**Assigned task:** Exact output of all the records is required.

**Supplied data:**
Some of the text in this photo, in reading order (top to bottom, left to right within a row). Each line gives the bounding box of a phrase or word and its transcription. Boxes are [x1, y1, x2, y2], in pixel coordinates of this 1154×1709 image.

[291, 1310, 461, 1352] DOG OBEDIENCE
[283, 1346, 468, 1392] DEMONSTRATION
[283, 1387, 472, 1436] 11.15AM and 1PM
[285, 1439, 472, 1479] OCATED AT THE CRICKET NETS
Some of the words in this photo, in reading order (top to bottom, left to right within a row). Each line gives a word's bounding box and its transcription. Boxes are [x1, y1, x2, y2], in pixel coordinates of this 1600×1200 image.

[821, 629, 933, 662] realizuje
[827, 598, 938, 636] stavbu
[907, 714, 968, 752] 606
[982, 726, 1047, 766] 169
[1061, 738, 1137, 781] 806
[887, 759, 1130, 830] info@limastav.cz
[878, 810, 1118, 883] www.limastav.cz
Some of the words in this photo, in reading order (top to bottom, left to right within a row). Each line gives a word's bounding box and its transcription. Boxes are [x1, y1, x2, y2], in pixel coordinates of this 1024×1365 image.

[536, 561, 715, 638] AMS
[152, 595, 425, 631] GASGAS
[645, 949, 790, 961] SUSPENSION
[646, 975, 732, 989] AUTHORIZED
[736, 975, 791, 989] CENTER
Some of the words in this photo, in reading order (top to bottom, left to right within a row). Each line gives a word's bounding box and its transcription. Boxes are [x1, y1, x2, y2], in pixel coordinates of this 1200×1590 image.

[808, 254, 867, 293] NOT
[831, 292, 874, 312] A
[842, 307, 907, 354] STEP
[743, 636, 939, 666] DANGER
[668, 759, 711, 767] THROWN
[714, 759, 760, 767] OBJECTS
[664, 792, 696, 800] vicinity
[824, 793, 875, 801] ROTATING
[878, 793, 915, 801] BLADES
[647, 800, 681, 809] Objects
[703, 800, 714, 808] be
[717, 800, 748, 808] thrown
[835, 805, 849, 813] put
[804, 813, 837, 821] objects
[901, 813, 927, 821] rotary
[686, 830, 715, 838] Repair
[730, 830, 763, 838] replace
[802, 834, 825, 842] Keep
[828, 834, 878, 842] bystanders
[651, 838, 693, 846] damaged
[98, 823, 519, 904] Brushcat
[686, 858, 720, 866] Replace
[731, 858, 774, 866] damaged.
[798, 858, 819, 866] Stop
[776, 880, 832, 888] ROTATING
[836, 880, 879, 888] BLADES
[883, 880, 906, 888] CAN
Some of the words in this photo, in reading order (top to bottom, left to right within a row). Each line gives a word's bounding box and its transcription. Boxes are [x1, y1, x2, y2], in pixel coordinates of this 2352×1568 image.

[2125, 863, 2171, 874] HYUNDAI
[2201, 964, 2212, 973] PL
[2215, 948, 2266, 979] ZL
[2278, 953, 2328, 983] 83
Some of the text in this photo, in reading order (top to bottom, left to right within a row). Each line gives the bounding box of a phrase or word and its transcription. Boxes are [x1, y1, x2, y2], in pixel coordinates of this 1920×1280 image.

**Result of the task:**
Some of the text in this photo, in reading order (top to bottom, left to right within a row). Each line gives the bounding box of a phrase or word and its transcription. Boxes are [x1, y1, x2, y2], in pixel coordinates of this 1154×1709 image.

[291, 1310, 461, 1352] DOG OBEDIENCE
[283, 1346, 468, 1392] DEMONSTRATION
[283, 1387, 472, 1436] 11.15AM and 1PM
[285, 1439, 472, 1479] OCATED AT THE CRICKET NETS
Some of the words in this photo, in reading order (top to bottom, left to right within a row). Each line gives a word's bounding box and its transcription. Boxes are [x1, y1, x2, y2], in pixel coordinates of this 1600×1200 image.

[821, 629, 933, 662] realizuje
[827, 598, 938, 636] stavbu
[907, 714, 968, 752] 606
[982, 726, 1047, 766] 169
[1061, 738, 1137, 781] 806
[887, 759, 1130, 830] info@limastav.cz
[878, 810, 1118, 883] www.limastav.cz
Some of the words in this photo, in reading order (top to bottom, left to right within a row). Each line gives a word's bounding box and its transcription. Boxes are [x1, y1, x2, y2], in pixel coordinates of this 1024×1365 image.

[536, 561, 715, 638] AMS
[152, 595, 425, 631] GASGAS
[645, 949, 790, 961] SUSPENSION
[646, 975, 732, 989] AUTHORIZED
[736, 975, 791, 989] CENTER
Some of the words in this photo, in reading order (top to bottom, left to right within a row). Each line gives a word's bounding box and its transcription. Boxes are [x1, y1, x2, y2], in pixel coordinates of this 1200×1590 image.

[808, 254, 867, 293] NOT
[831, 292, 874, 312] A
[842, 307, 907, 354] STEP
[743, 636, 939, 666] DANGER
[668, 759, 711, 767] THROWN
[714, 759, 760, 767] OBJECTS
[664, 792, 696, 800] vicinity
[824, 793, 875, 801] ROTATING
[878, 793, 915, 801] BLADES
[647, 800, 681, 809] Objects
[703, 800, 714, 808] be
[717, 800, 748, 808] thrown
[835, 805, 849, 813] put
[804, 813, 837, 821] objects
[901, 813, 927, 821] rotary
[686, 830, 715, 838] Repair
[730, 830, 763, 838] replace
[802, 834, 825, 842] Keep
[828, 834, 878, 842] bystanders
[651, 838, 693, 846] damaged
[98, 823, 519, 904] Brushcat
[686, 858, 720, 866] Replace
[731, 858, 774, 866] damaged.
[798, 858, 819, 866] Stop
[776, 880, 832, 888] ROTATING
[836, 880, 879, 888] BLADES
[883, 880, 906, 888] CAN
Some of the words in this photo, in reading order (top to bottom, left to right within a row). Each line gives a word's bounding box and its transcription. Boxes are [x1, y1, x2, y2], in pixel coordinates of this 2352×1568 image.

[2125, 863, 2171, 874] HYUNDAI
[2201, 964, 2212, 973] PL
[2215, 948, 2266, 979] ZL
[2278, 953, 2328, 983] 83
Some of the text in this photo, in reading order (top to bottom, left to right within a row). Each line gives the bounding box of a phrase or word and its transcription. Boxes are [x1, y1, x2, y2], in pixel coordinates of this 1920×1280 image.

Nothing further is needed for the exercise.